▶ _Task requirements_:
A verbatim copy of all the data is required; the pictures should not appear in it.

Saved entries:
"""
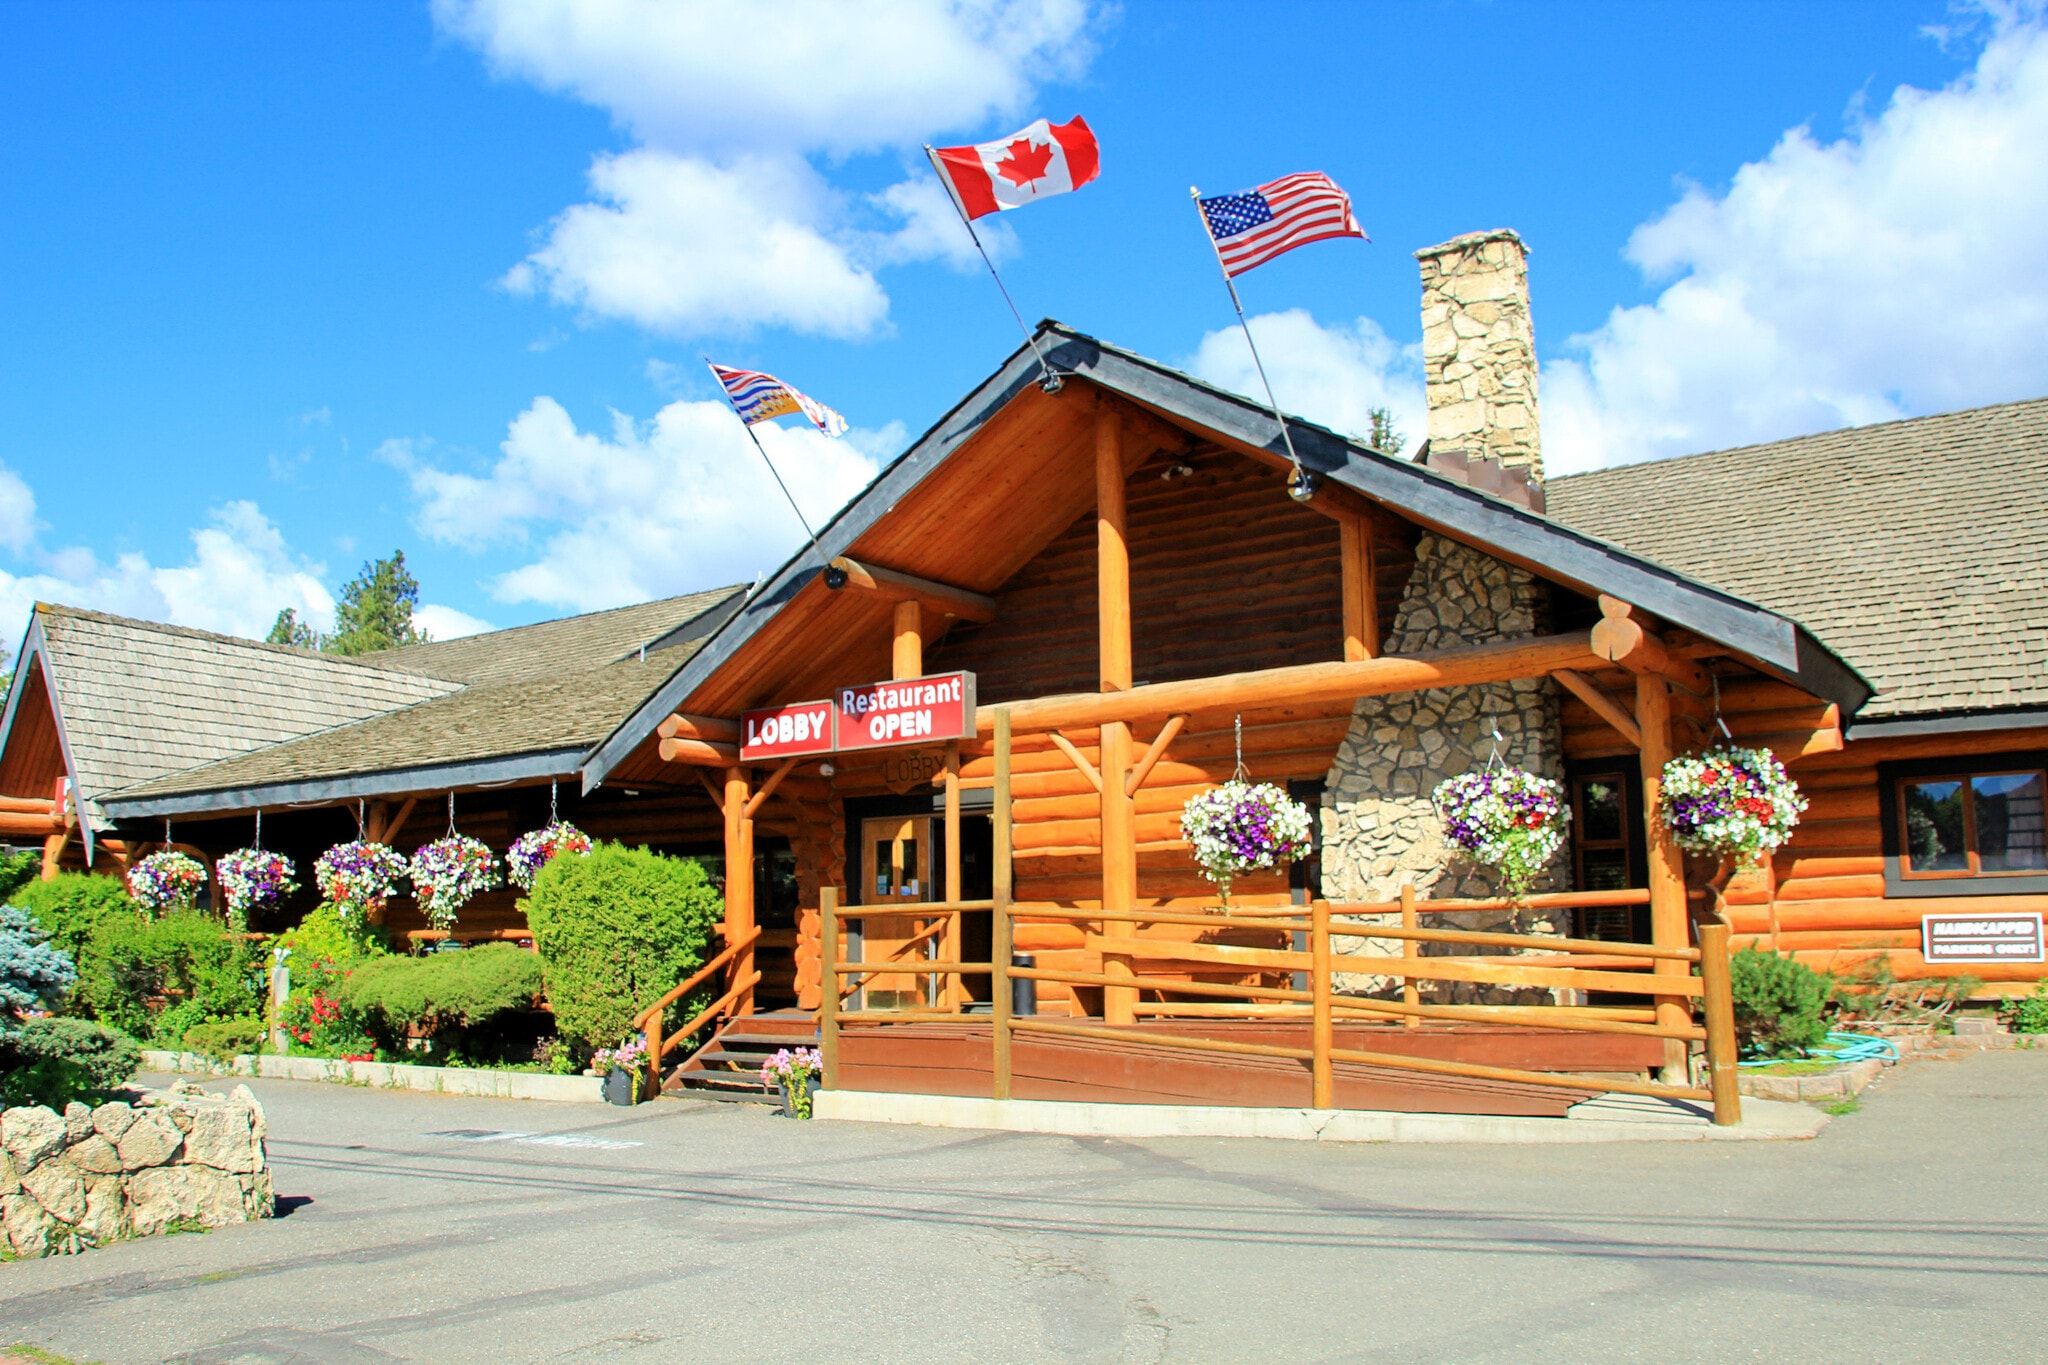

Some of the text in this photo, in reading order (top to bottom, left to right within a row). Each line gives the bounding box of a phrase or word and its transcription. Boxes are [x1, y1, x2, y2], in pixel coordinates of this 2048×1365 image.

[843, 678, 961, 715] Restaurant
[748, 710, 826, 746] LOBBY
[869, 709, 932, 740] OPEN
[885, 755, 946, 783] LOBBY
[1933, 922, 2034, 935] HANDICAPPED
[1933, 944, 1993, 954] PARKING
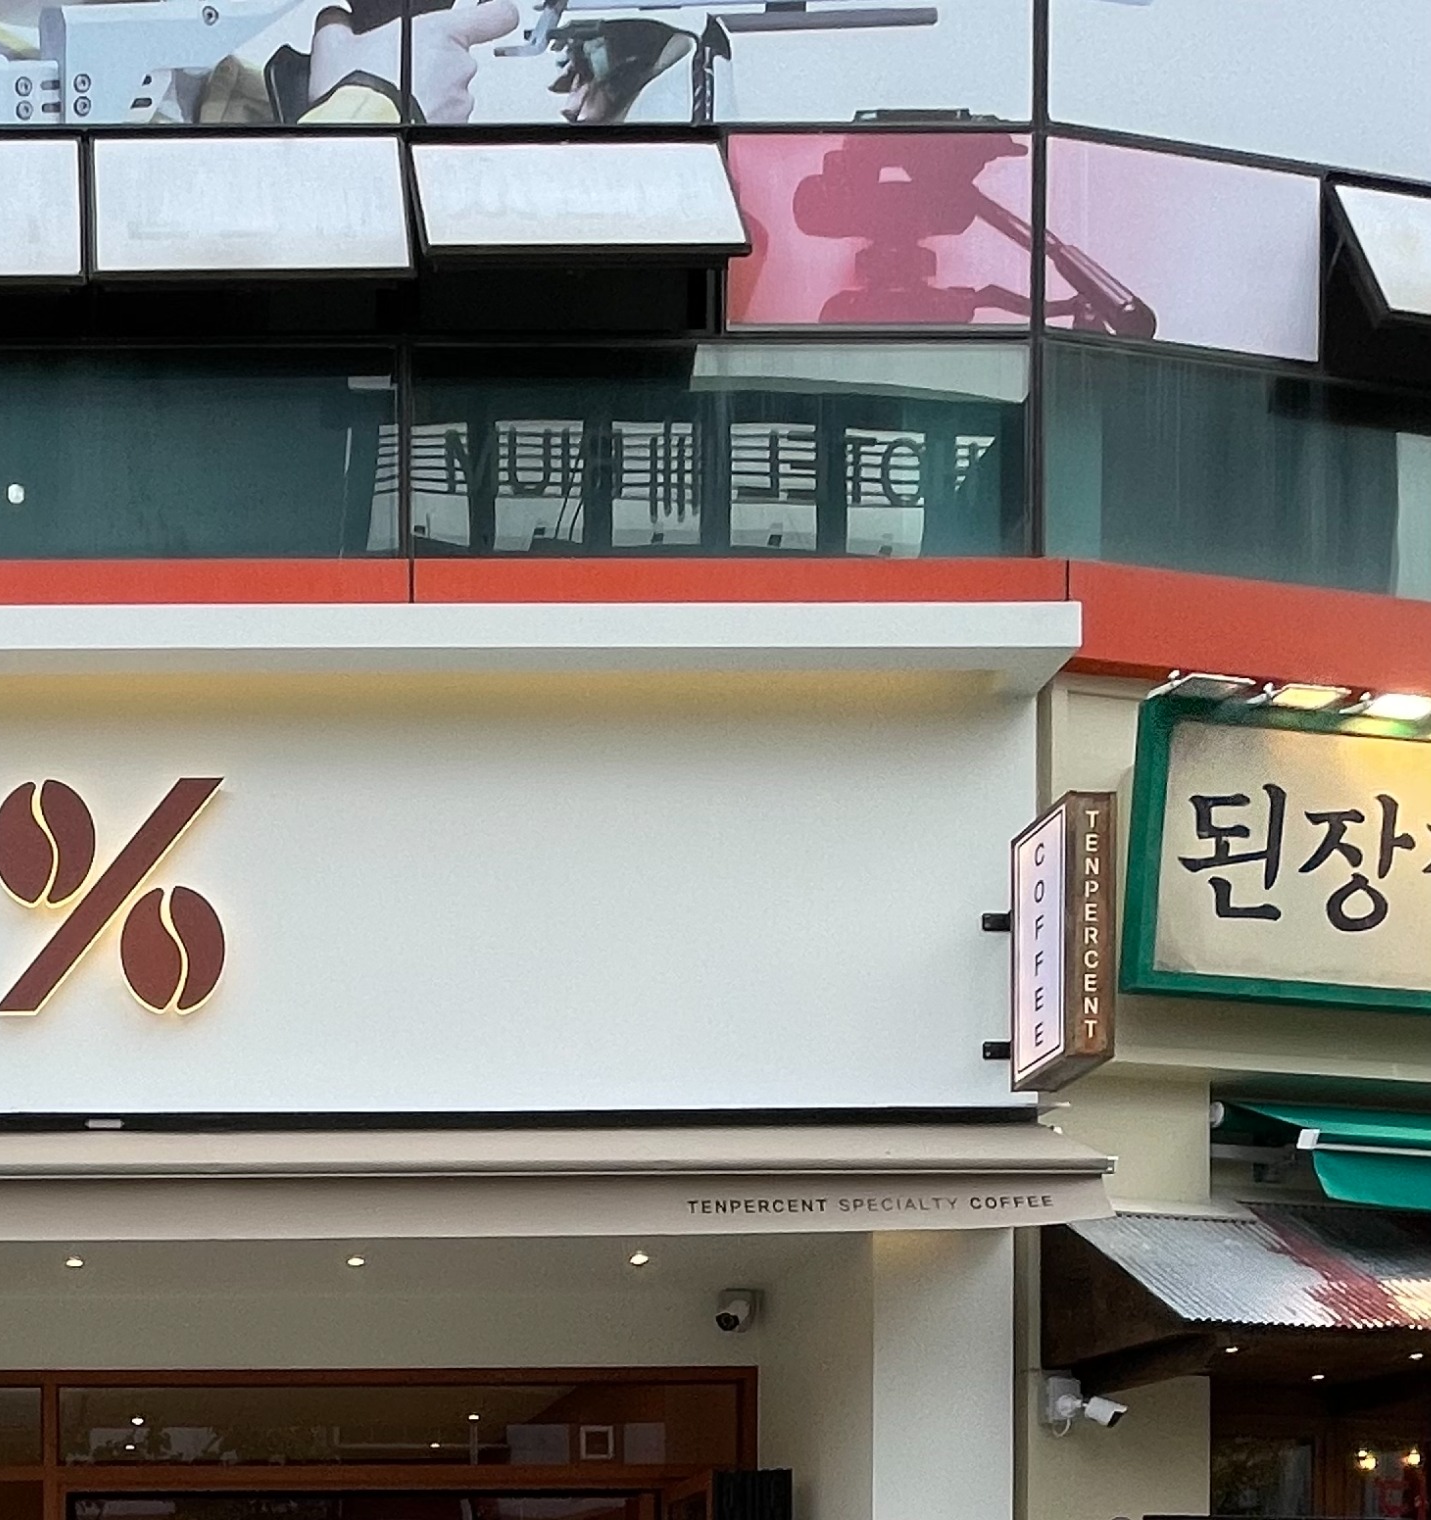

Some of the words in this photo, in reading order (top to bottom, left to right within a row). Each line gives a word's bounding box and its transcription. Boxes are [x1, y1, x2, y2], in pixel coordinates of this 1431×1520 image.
"""
▶ _Solution for this task_:
Some of the text in this photo, in reading order (top to bottom, left to right within a row). Each line gives the bounding box of a phrase or word and its transcription. Boxes are [x1, y1, x2, y2], in pixel coordinates of this 2048×1365 image.

[843, 678, 961, 715] Restaurant
[748, 710, 826, 746] LOBBY
[869, 709, 932, 740] OPEN
[885, 755, 946, 783] LOBBY
[1933, 922, 2034, 935] HANDICAPPED
[1933, 944, 1993, 954] PARKING

Some of the words in this photo, in reading order (top to bottom, left to right within a row). Each line gives a word's bounding box and its transcription. Boxes are [x1, y1, x2, y2], in pixel coordinates of this 1431×1520 image.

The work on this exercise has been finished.